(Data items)
[Start of section]

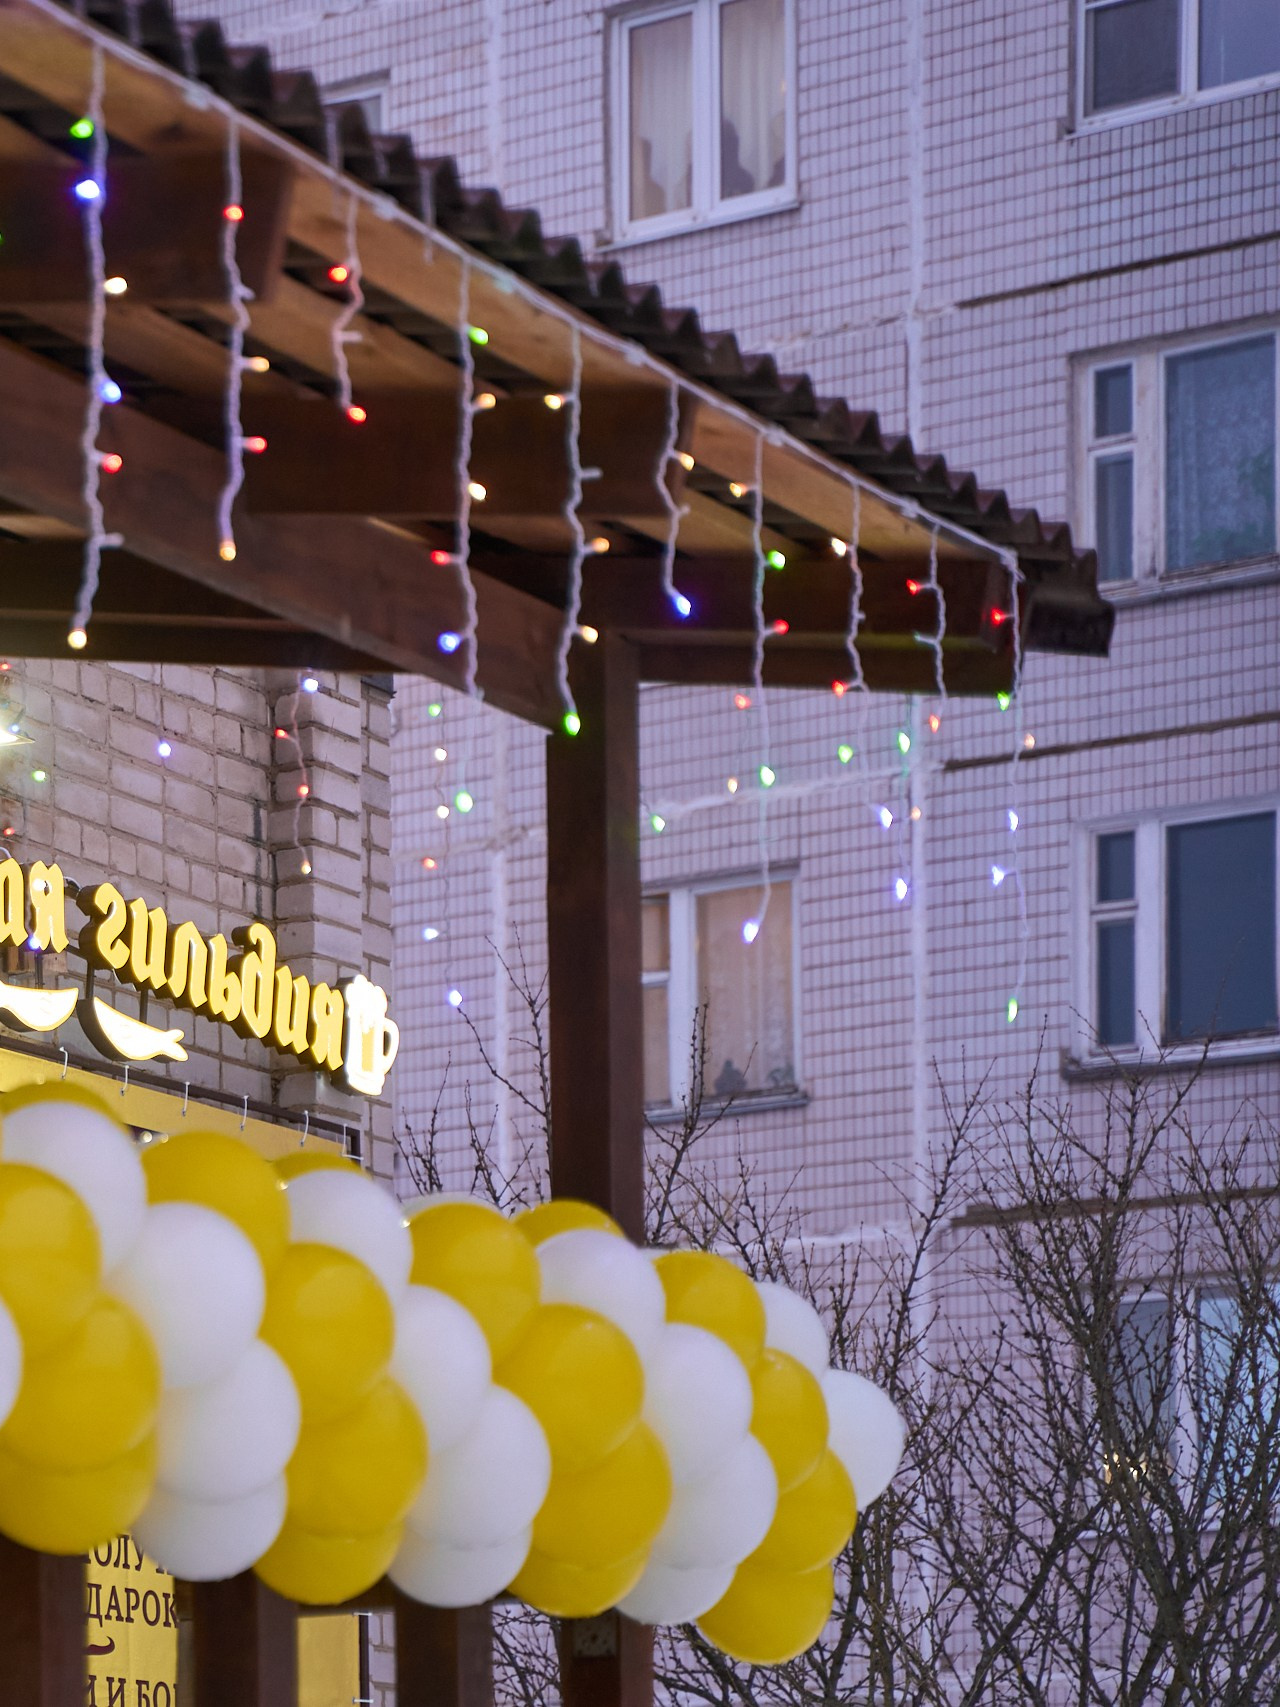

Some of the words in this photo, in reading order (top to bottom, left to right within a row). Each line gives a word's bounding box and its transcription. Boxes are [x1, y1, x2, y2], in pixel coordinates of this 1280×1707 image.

[94, 882, 344, 1071] гильдия
[86, 1582, 179, 1629] ДАРОК
[135, 1679, 178, 1707] БО
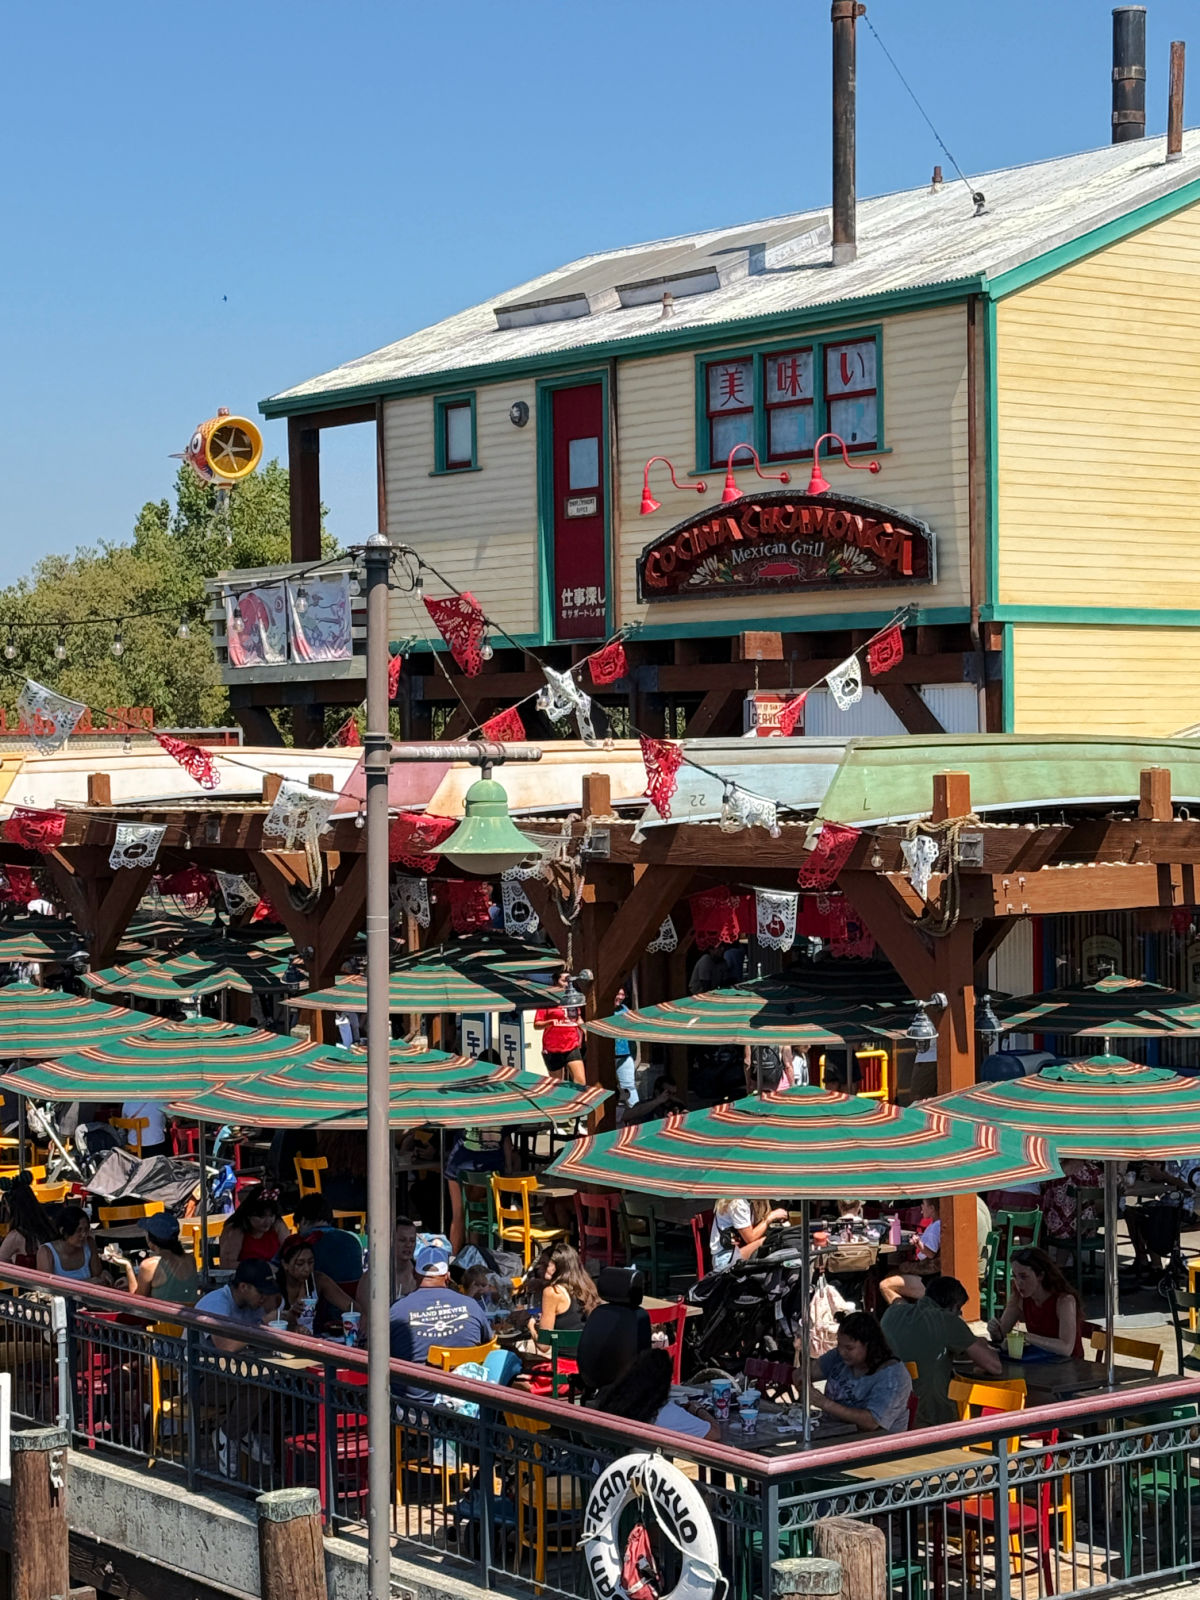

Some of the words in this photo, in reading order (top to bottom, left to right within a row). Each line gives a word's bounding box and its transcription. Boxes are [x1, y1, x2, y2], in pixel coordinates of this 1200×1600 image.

[645, 516, 743, 587] COCINA
[731, 542, 788, 565] Mexican
[791, 540, 825, 558] Grill
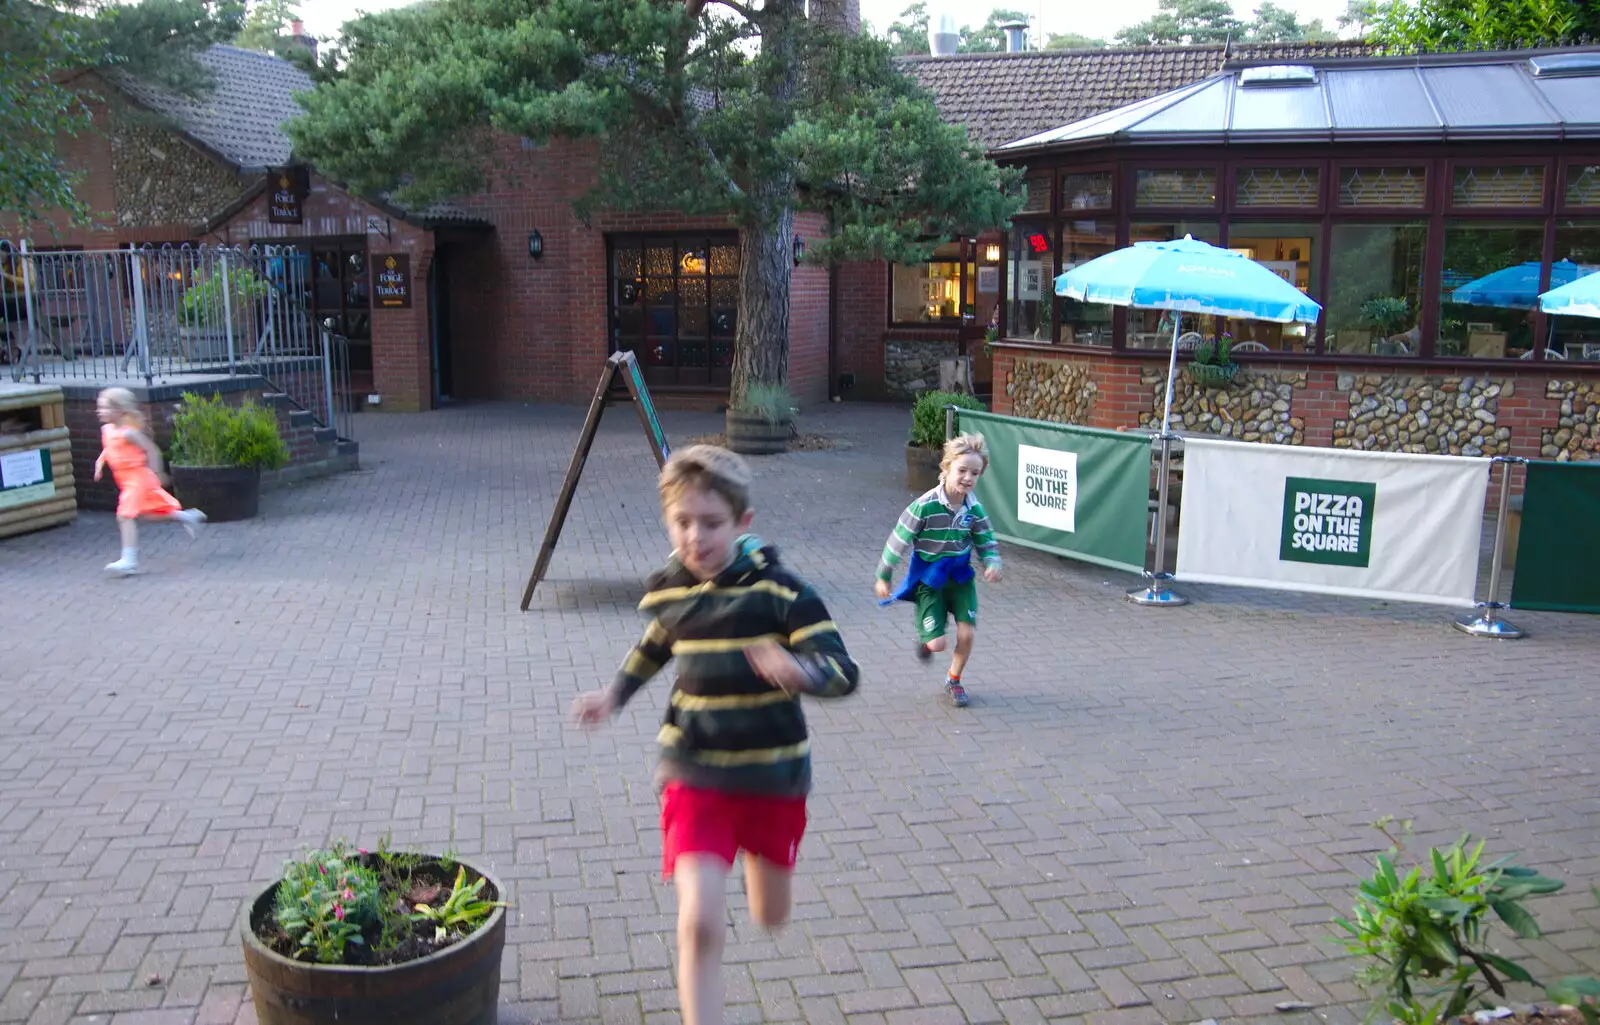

[End of section]

» Exercise
Copy the entries exactly. Leave out the images.

» Written response
Some of the words in this photo, in reading order (top to bottom, left to right within a row). Each line gives a word's bounding box and its transcription. Boxes are [x1, y1, x2, y2], in pixel coordinates of this 1280×1707 image.

[94, 882, 344, 1071] гильдия
[86, 1582, 179, 1629] ДАРОК
[135, 1679, 178, 1707] БО

Some of the words in this photo, in reading order (top to bottom, left to right within a row). Each line gives a word's bounding box and its transcription. Boxes are [x1, y1, x2, y2], in pixel coordinates of this 1200×1600 image.

[645, 516, 743, 587] COCINA
[731, 542, 788, 565] Mexican
[791, 540, 825, 558] Grill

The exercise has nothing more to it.